2 fast-rising investment trusts that could make you a millionaire

These two investment trusts seem to offer further capital growth potential.

| More on:

The content of this article was relevant at the time of publishing. Circumstances change continuously and caution should therefore be exercised when relying upon any content contained within this article.

When investing, your capital is at risk. The value of your investments can go down as well as up and you may get back less than you put in.

Read More

The content of this article is provided for information purposes only and is not intended to be, nor does it constitute, any form of personal advice. Investments in a currency other than sterling are exposed to currency exchange risk. Currency exchange rates are constantly changing, which may affect the value of the investment in sterling terms. You could lose money in sterling even if the stock price rises in the currency of origin. Stocks listed on overseas exchanges may be subject to additional dealing and exchange rate charges, and may have other tax implications, and may not provide the same, or any, regulatory protection as in the UK.

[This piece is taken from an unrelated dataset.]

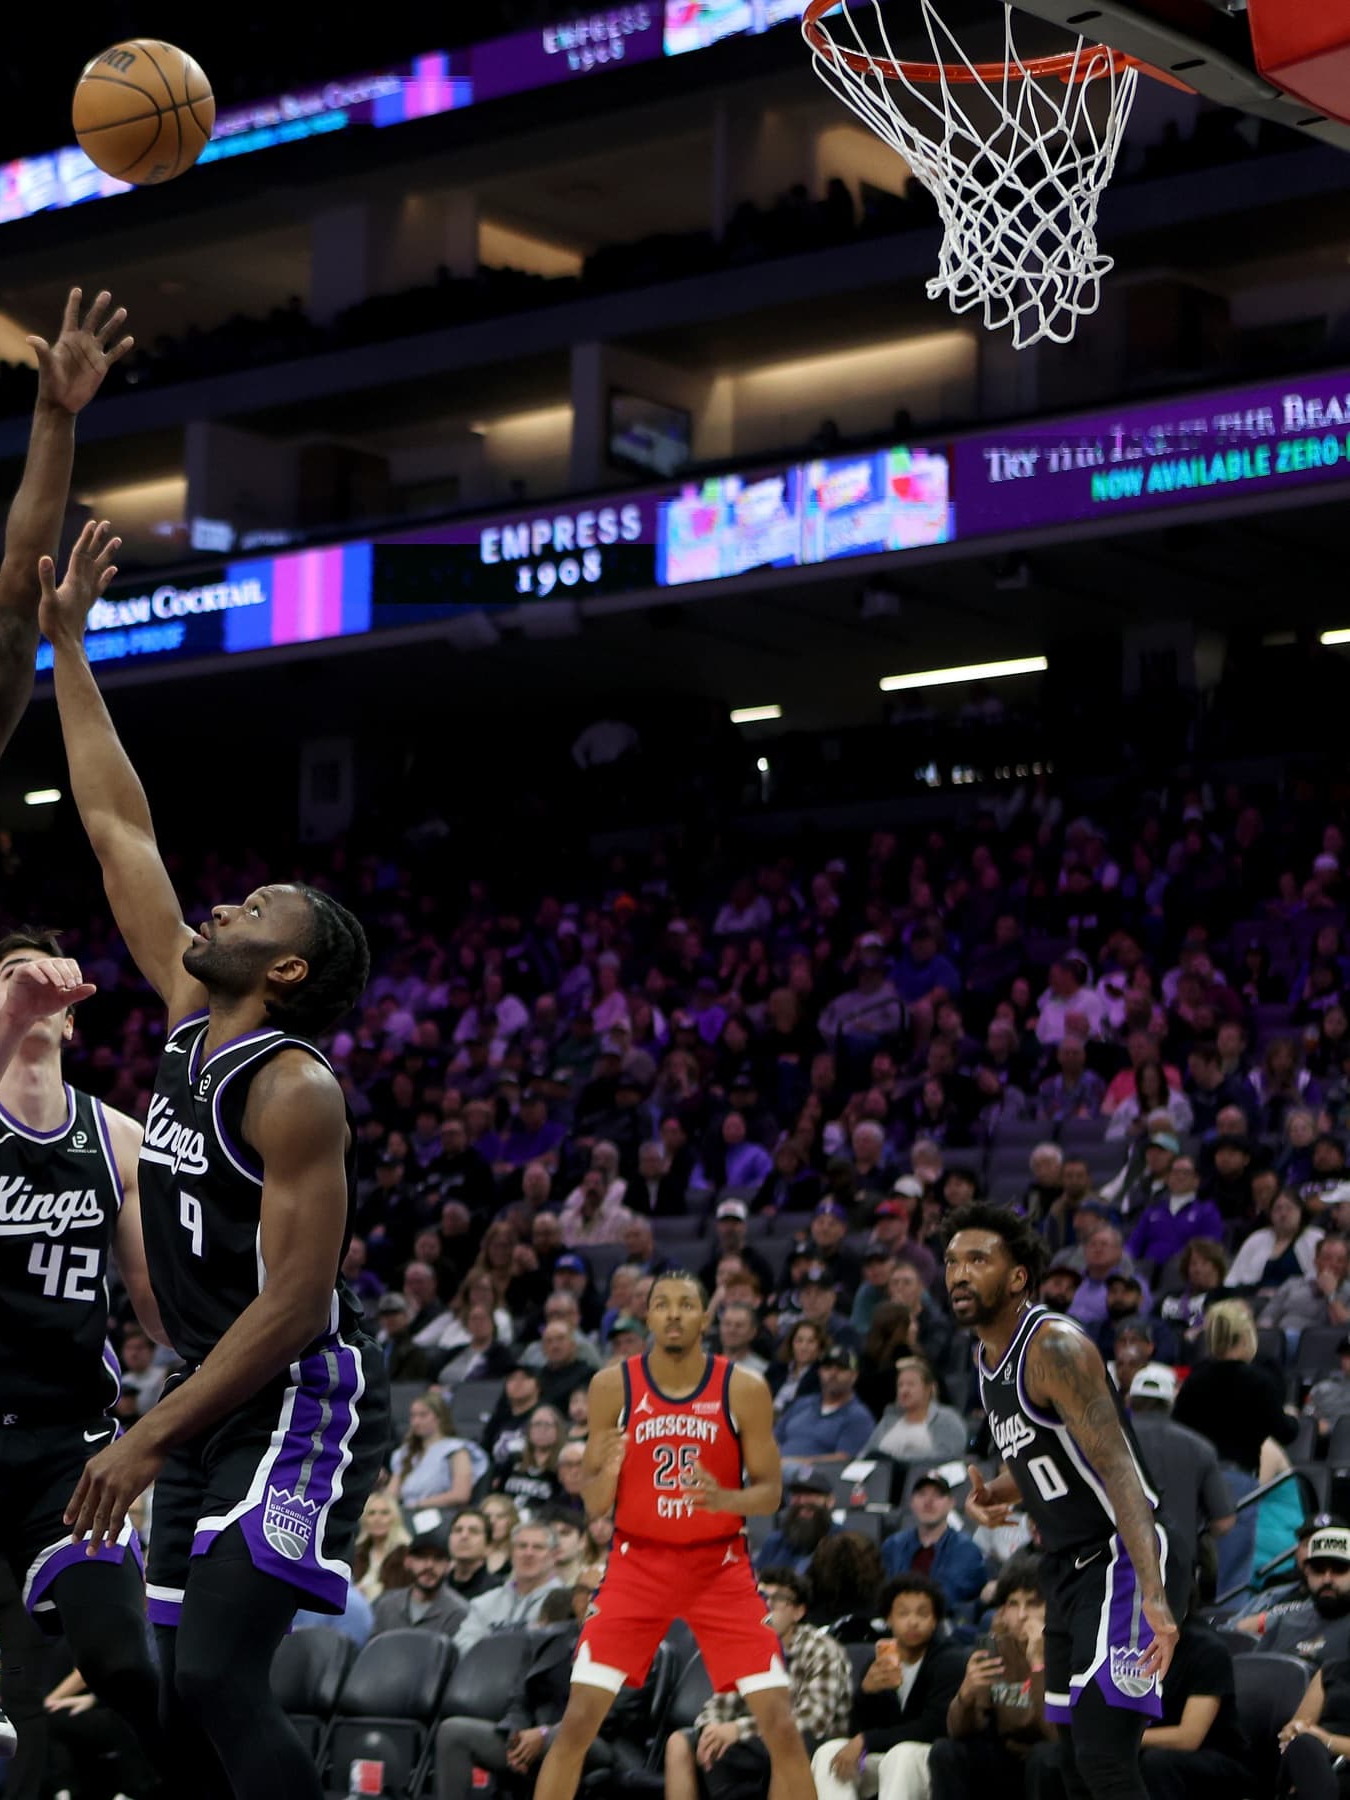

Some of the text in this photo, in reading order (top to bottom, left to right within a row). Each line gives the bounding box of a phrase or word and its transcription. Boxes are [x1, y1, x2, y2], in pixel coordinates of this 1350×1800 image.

You’re reading a free article with opinions that may differ from The Motley Fool’s Premium Investing Services. Become a Motley Fool member today to get instant access to our top analyst recommendations, in-depth research, investing resources, and more. Learn More.

sdf

The FTSE 100 has performed relatively well in the last five years. It has risen by 28% and, when dividends are included, this figure is close to 50%. However, some investment trusts have been able to better this return during the same time period. In some cases, though, they continue to trade at a discount to their net asset value (NAV). As such, they could still offer good value for money, as well as high growth potential in the long run. Here are two such trusts which could be worth buying right now.

Impressive performance

Rising by 128% in the last five years is the Mercantile Investment Trust (LSE: MRC). It focuses on mid and small-cap UK stocks, and they could help it to deliver impressive returns in future. One reason for this is the uncertainty surrounding the UK economy. With Brexit causing consumer and business confidence to come under pressure following a spike in inflation, many investors are focusing to a greater extent on larger, more internationally-exposed companies. This could mean their smaller peers offer wider margins of safety at the present time.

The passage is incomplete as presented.